Tuttavia, mentre Lister si faceva strada tra la folla di uomini che stringevano mani e si congratulavano per la loro scelta professionale e per questa notevole vittoria, era profondamente consapevole che il dolore era solo uno degli impedimenti al successo della chirurgia.
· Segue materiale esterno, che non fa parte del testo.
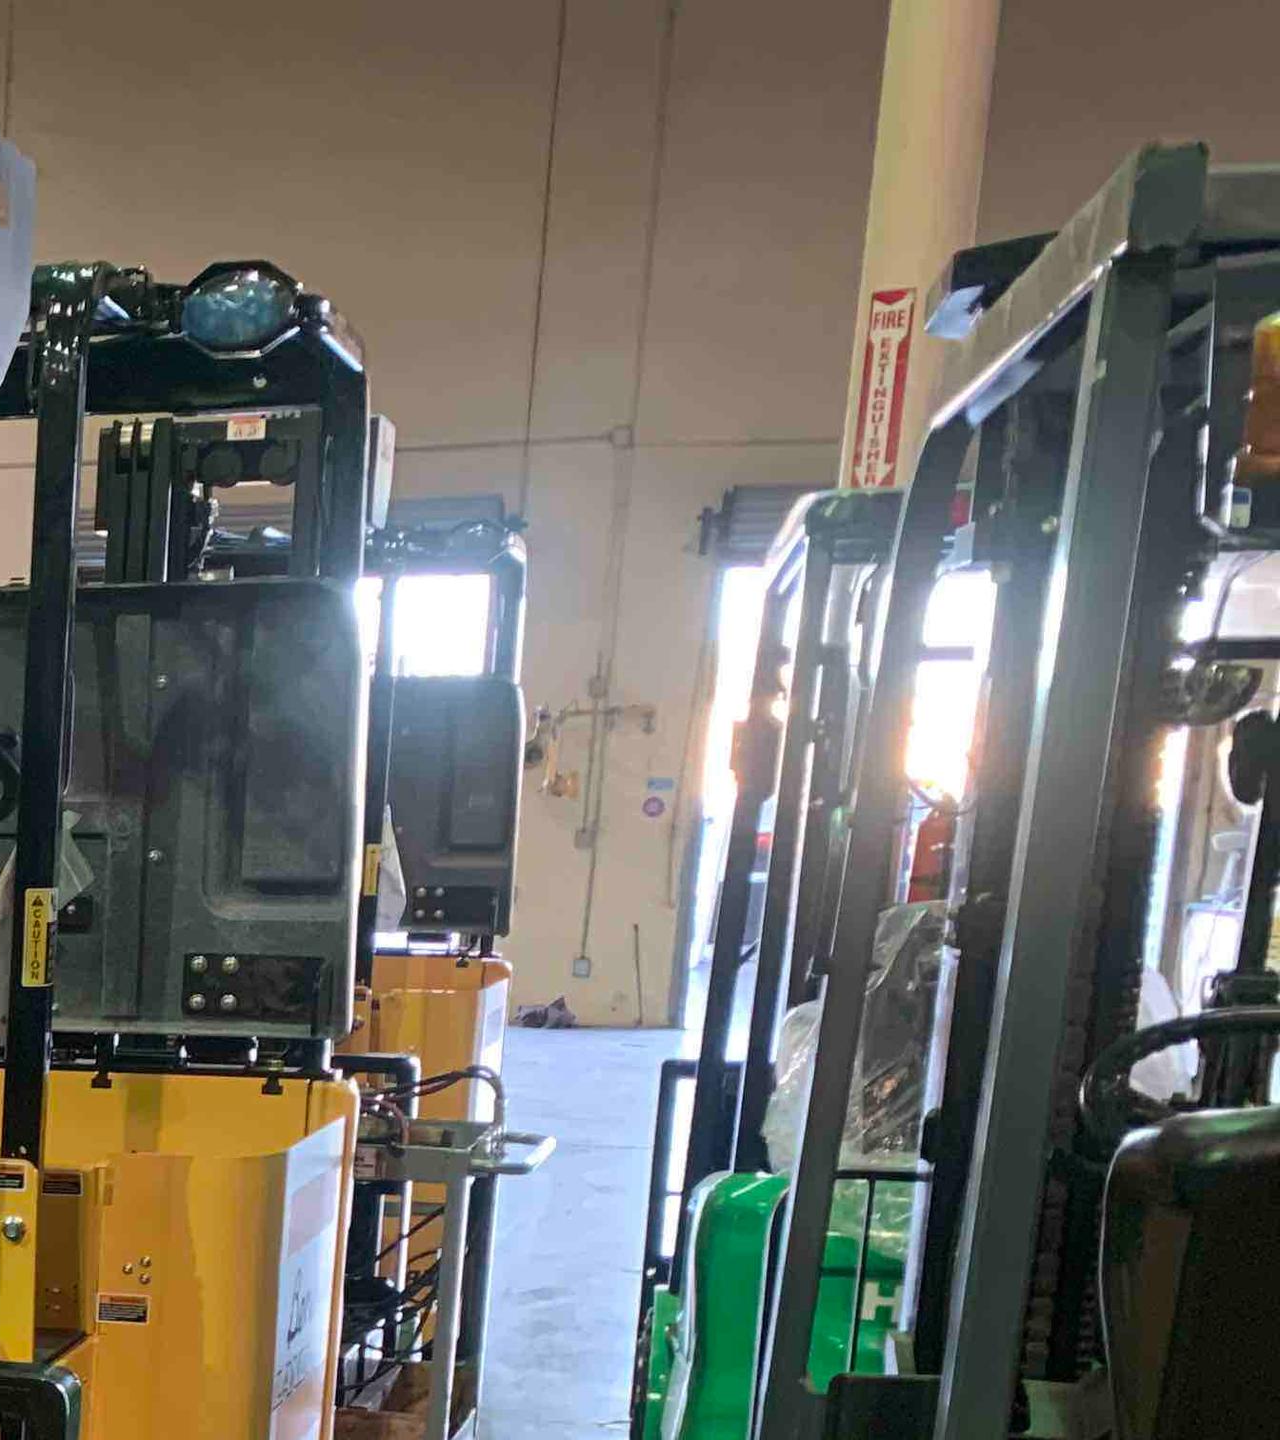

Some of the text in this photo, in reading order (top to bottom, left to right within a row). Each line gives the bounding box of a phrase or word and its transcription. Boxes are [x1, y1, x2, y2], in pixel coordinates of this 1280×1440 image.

[872, 309, 907, 329] FIRE
[864, 338, 892, 485] EXTINGUISHER
[30, 909, 42, 980] CAUTION
Sapeva che per migliaia di anni la minaccia sempre incombente dell’infezione aveva limitato l’estensione della portata di un chirurgo. Entrare nell’addome, per esempio, si era rivelato quasi uniformemente fatale per questo motivo. Anche il petto era off-limits. Per la maggior parte, mentre i medici trattavano le condizioni interne – da cui il termine “medicina interna”, che persiste ancora oggi – i chirurghi si occupavano di quelle periferiche: lacerazioni, fratture, ulcere della pelle, ustioni. Solo con le amputazioni il coltello del chirurgo penetrava in profondità nel corpo. Sopravvivere all’operazione era una cosa. Recuperare completamente senza complicazioni era un’altra.
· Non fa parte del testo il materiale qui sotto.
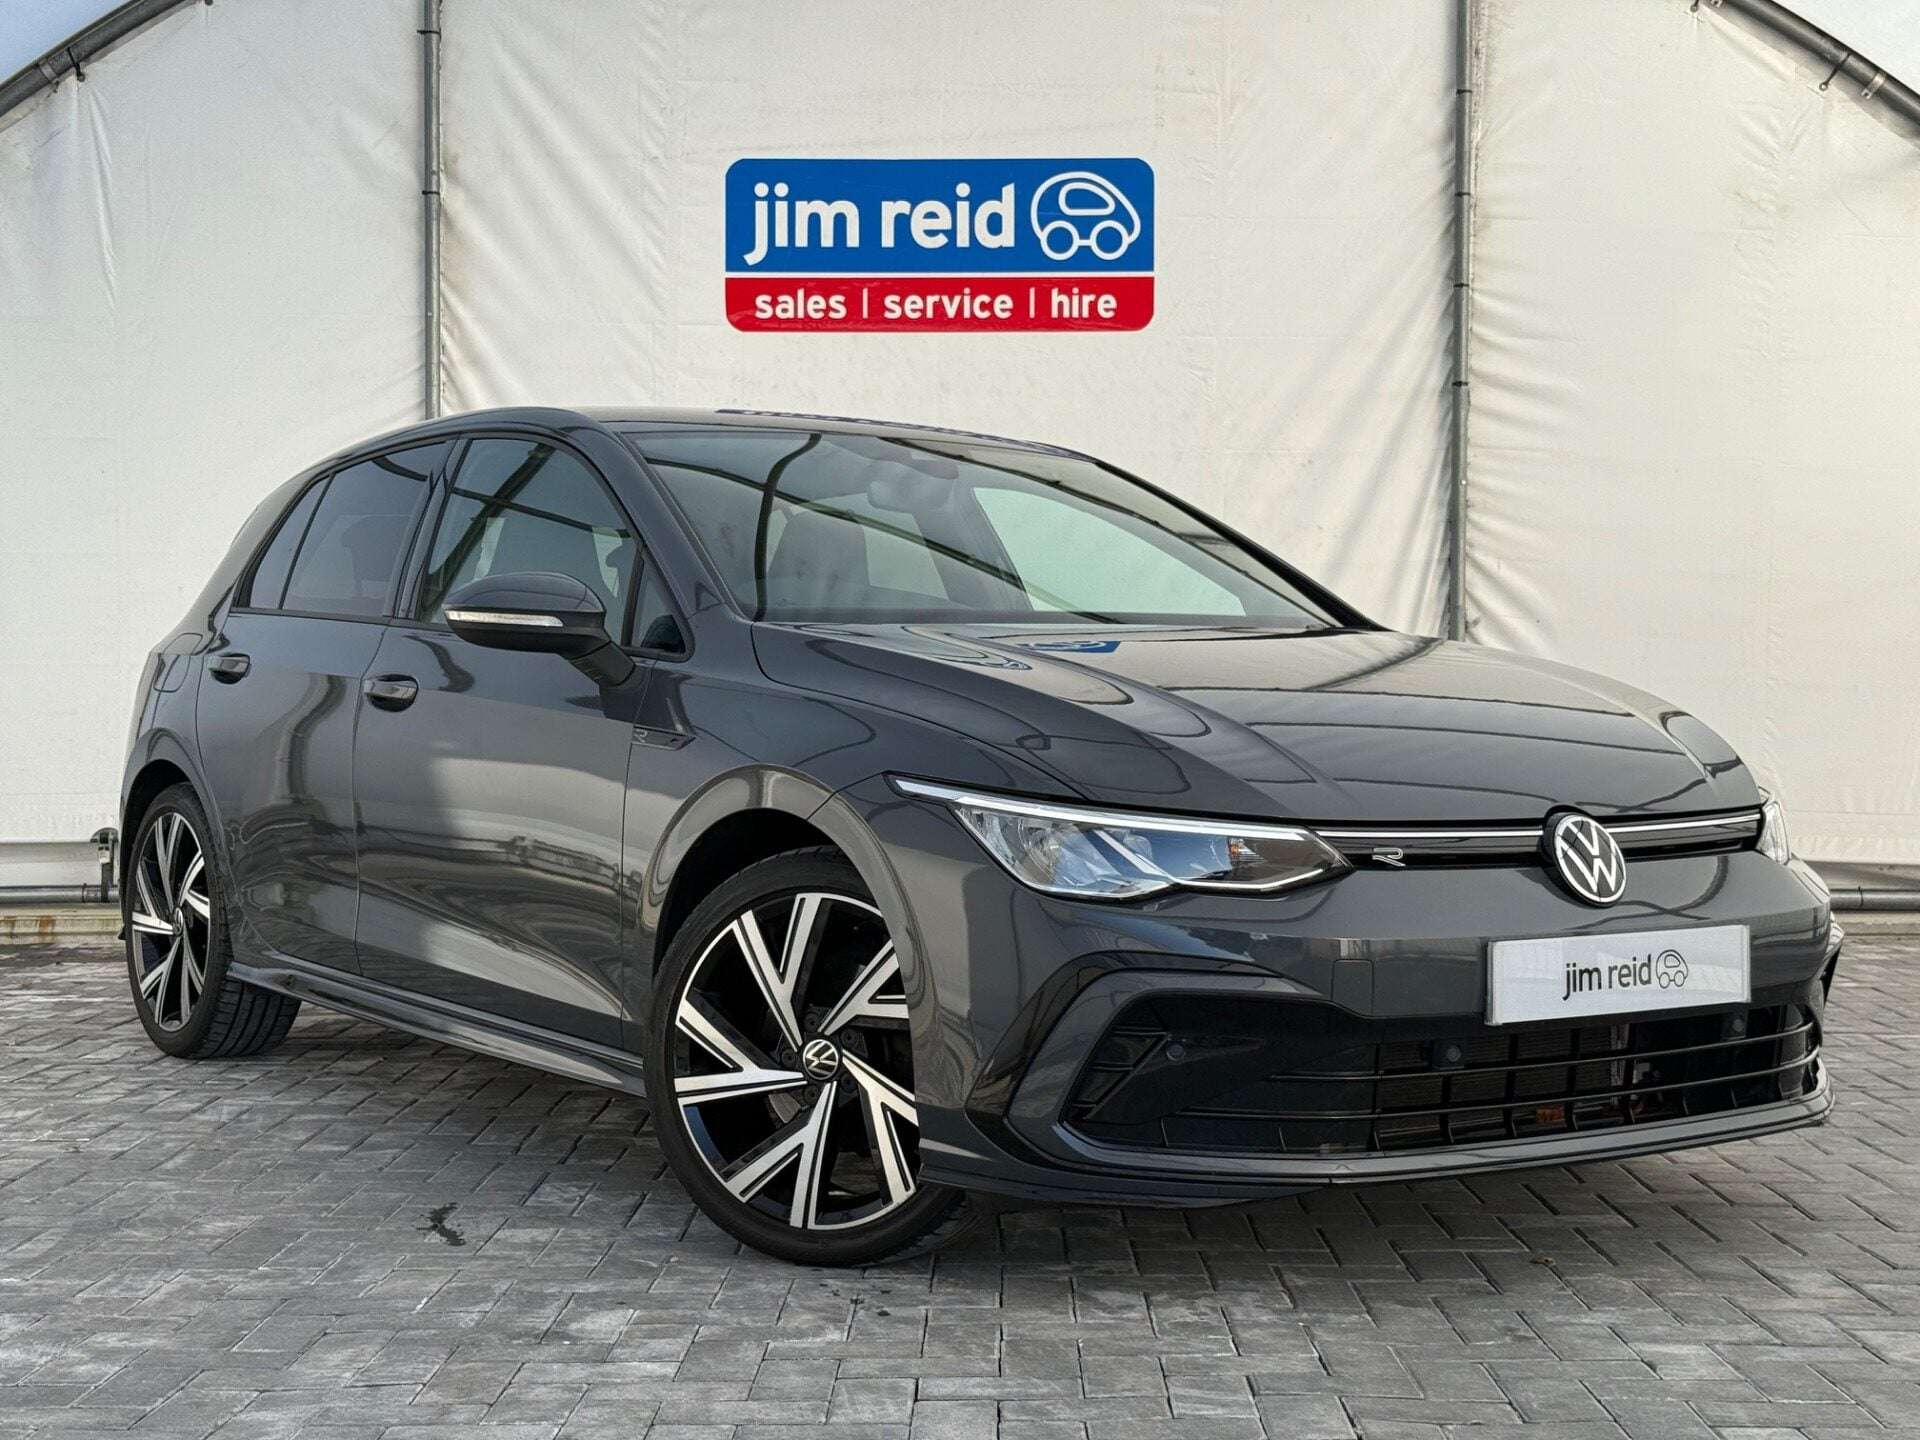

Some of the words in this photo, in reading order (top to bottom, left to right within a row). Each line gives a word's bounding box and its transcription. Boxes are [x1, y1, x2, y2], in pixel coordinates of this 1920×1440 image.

[743, 182, 860, 266] jim
[881, 182, 1015, 249] reid
[755, 288, 847, 319] sales
[884, 287, 1014, 319] service
[1051, 287, 1117, 319] hire
[1372, 847, 1406, 867] R
[1554, 814, 1627, 903] VW
[1562, 962, 1603, 1001] jim
[1608, 953, 1652, 990] reid
Come si è visto, i due decenni immediatamente successivi alla diffusione dell’anestesia hanno visto peggiorare i risultati chirurgici. Con la loro ritrovata fiducia nell’operare senza infliggere dolore, i chirurghi divennero sempre più disposti a prendere in mano il coltello, aumentando l’incidenza di infezioni postoperatorie e shock. Al Massachusetts General Hospital, per esempio, i tassi di mortalità per le amputazioni passarono dal 19 per cento prima dell’etere al 23 per cento dopo. Le sale operatorie divennero più sporche che mai man mano che il numero degli interventi aumentava. I chirurghi che ancora non comprendevano le cause dell’infezione operavano più pazienti in successione usando gli stessi strumenti non lavati. Più affollato diventava il teatro, meno probabile era che anche le più primitive precauzioni sanitarie venissero prese. Di coloro che andavano sotto i ferri, molti morivano o non si riprendevano mai completamente e passavano la vita come storpi e invalidi. Questo problema era universale. I pazienti di tutto il mondo arrivarono a temere ulteriormente la parola “ospedale”, mentre i chirurghi più abili diffidavano delle loro stesse capacità.
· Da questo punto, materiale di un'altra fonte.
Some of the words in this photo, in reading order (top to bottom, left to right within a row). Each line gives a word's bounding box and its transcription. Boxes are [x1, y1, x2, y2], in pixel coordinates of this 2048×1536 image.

Con il trionfo dell’etere di Robert Liston, Lister aveva appena assistito all’eliminazione del primo dei due maggiori ostacoli al successo della chirurgia: che ora poteva essere eseguita senza dolore. Ispirato da ciò che aveva visto nel pomeriggio del 21 dicembre, ma consapevole dei pericoli che ancora ostacolavano la sua professione, il perspicace Joseph Lister avrebbe presto dedicato il resto della sua vita a chiarire le cause e la natura delle infezioni postoperatorie e a trovare una soluzione. All’ombra di uno degli ultimi grandi macellai della professione, un’altra rivoluzione chirurgica stava per iniziare.